_Problem description_.
Each line of the records has to be copied exactly, though the pictures must be left out.

_Records_.
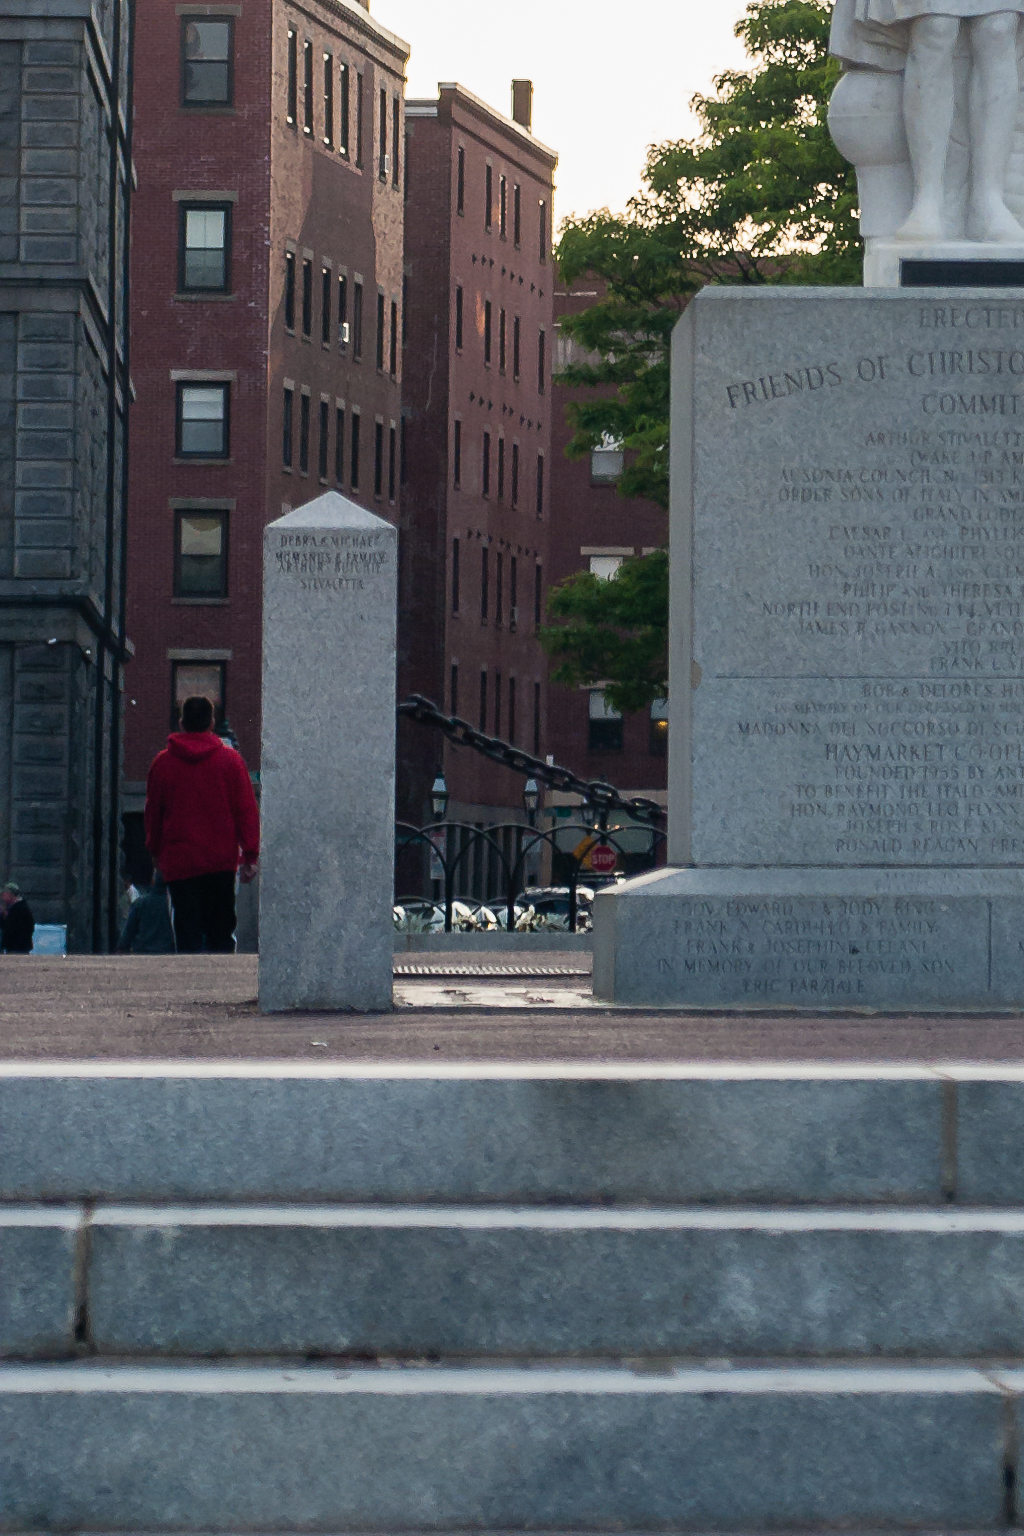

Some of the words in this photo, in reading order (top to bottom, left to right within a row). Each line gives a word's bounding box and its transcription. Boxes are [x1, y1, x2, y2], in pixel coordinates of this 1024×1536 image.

[726, 362, 842, 409] FRIENDS
[856, 355, 890, 382] OF
[865, 431, 931, 447] ARTHUR
[778, 487, 833, 504] ORDER
[840, 487, 884, 504] SONS
[892, 487, 910, 504] OF
[920, 487, 964, 504] ITALY
[972, 487, 990, 504] IN
[912, 506, 973, 523] GRAND
[280, 535, 318, 548] DEBRA
[330, 535, 381, 548] MICHAEL
[844, 544, 898, 561] DANTE
[278, 562, 325, 574] ARTHUR
[842, 582, 899, 599] PHILIP
[941, 582, 1013, 599] THERESA
[762, 601, 820, 618] NORTH
[826, 601, 861, 618] END
[799, 620, 852, 638] JAMES
[966, 620, 1023, 638] GRAND
[929, 657, 986, 672] FRANK
[861, 681, 897, 699] BOB
[737, 720, 824, 738] MADONNA
[828, 720, 859, 738] DEL
[866, 720, 961, 738] SOCCORSO
[967, 720, 985, 738] DI
[824, 742, 948, 763] HAYMARKET
[833, 764, 917, 781] FOUNDED
[967, 764, 986, 781] BY
[794, 783, 818, 800] TO
[823, 783, 889, 800] BENEFIT
[894, 783, 929, 800] THE
[837, 801, 920, 819] RAYMOND
[925, 801, 960, 819] LEO
[846, 819, 908, 835] JOSEPH
[929, 819, 973, 835] ROSE
[834, 837, 903, 854] RONALD
[910, 837, 979, 854] REAGAN
[592, 854, 616, 865] STOP
[724, 900, 796, 917] EDWARD
[673, 918, 728, 936] FRANK
[877, 918, 939, 936] FAMILY
[686, 939, 742, 955] FRANK
[657, 958, 674, 975] IN
[684, 958, 753, 975] MEMORY
[762, 958, 786, 975] OF
[793, 958, 830, 975] OUR
[837, 958, 912, 975] BELOVED
[742, 978, 782, 995] ERIC

_Final answer_.
Some of the words in this photo, in reading order (top to bottom, left to right within a row). Each line gives a word's bounding box and its transcription. Boxes are [x1, y1, x2, y2], in pixel coordinates of this 1024×1536 image.

[726, 362, 842, 409] FRIENDS
[856, 355, 890, 382] OF
[865, 431, 931, 447] ARTHUR
[778, 487, 833, 504] ORDER
[840, 487, 884, 504] SONS
[892, 487, 910, 504] OF
[920, 487, 964, 504] ITALY
[972, 487, 990, 504] IN
[912, 506, 973, 523] GRAND
[280, 535, 318, 548] DEBRA
[330, 535, 381, 548] MICHAEL
[844, 544, 898, 561] DANTE
[278, 562, 325, 574] ARTHUR
[842, 582, 899, 599] PHILIP
[941, 582, 1013, 599] THERESA
[762, 601, 820, 618] NORTH
[826, 601, 861, 618] END
[799, 620, 852, 638] JAMES
[966, 620, 1023, 638] GRAND
[929, 657, 986, 672] FRANK
[861, 681, 897, 699] BOB
[737, 720, 824, 738] MADONNA
[828, 720, 859, 738] DEL
[866, 720, 961, 738] SOCCORSO
[967, 720, 985, 738] DI
[824, 742, 948, 763] HAYMARKET
[833, 764, 917, 781] FOUNDED
[967, 764, 986, 781] BY
[794, 783, 818, 800] TO
[823, 783, 889, 800] BENEFIT
[894, 783, 929, 800] THE
[837, 801, 920, 819] RAYMOND
[925, 801, 960, 819] LEO
[846, 819, 908, 835] JOSEPH
[929, 819, 973, 835] ROSE
[834, 837, 903, 854] RONALD
[910, 837, 979, 854] REAGAN
[592, 854, 616, 865] STOP
[724, 900, 796, 917] EDWARD
[673, 918, 728, 936] FRANK
[877, 918, 939, 936] FAMILY
[686, 939, 742, 955] FRANK
[657, 958, 674, 975] IN
[684, 958, 753, 975] MEMORY
[762, 958, 786, 975] OF
[793, 958, 830, 975] OUR
[837, 958, 912, 975] BELOVED
[742, 978, 782, 995] ERIC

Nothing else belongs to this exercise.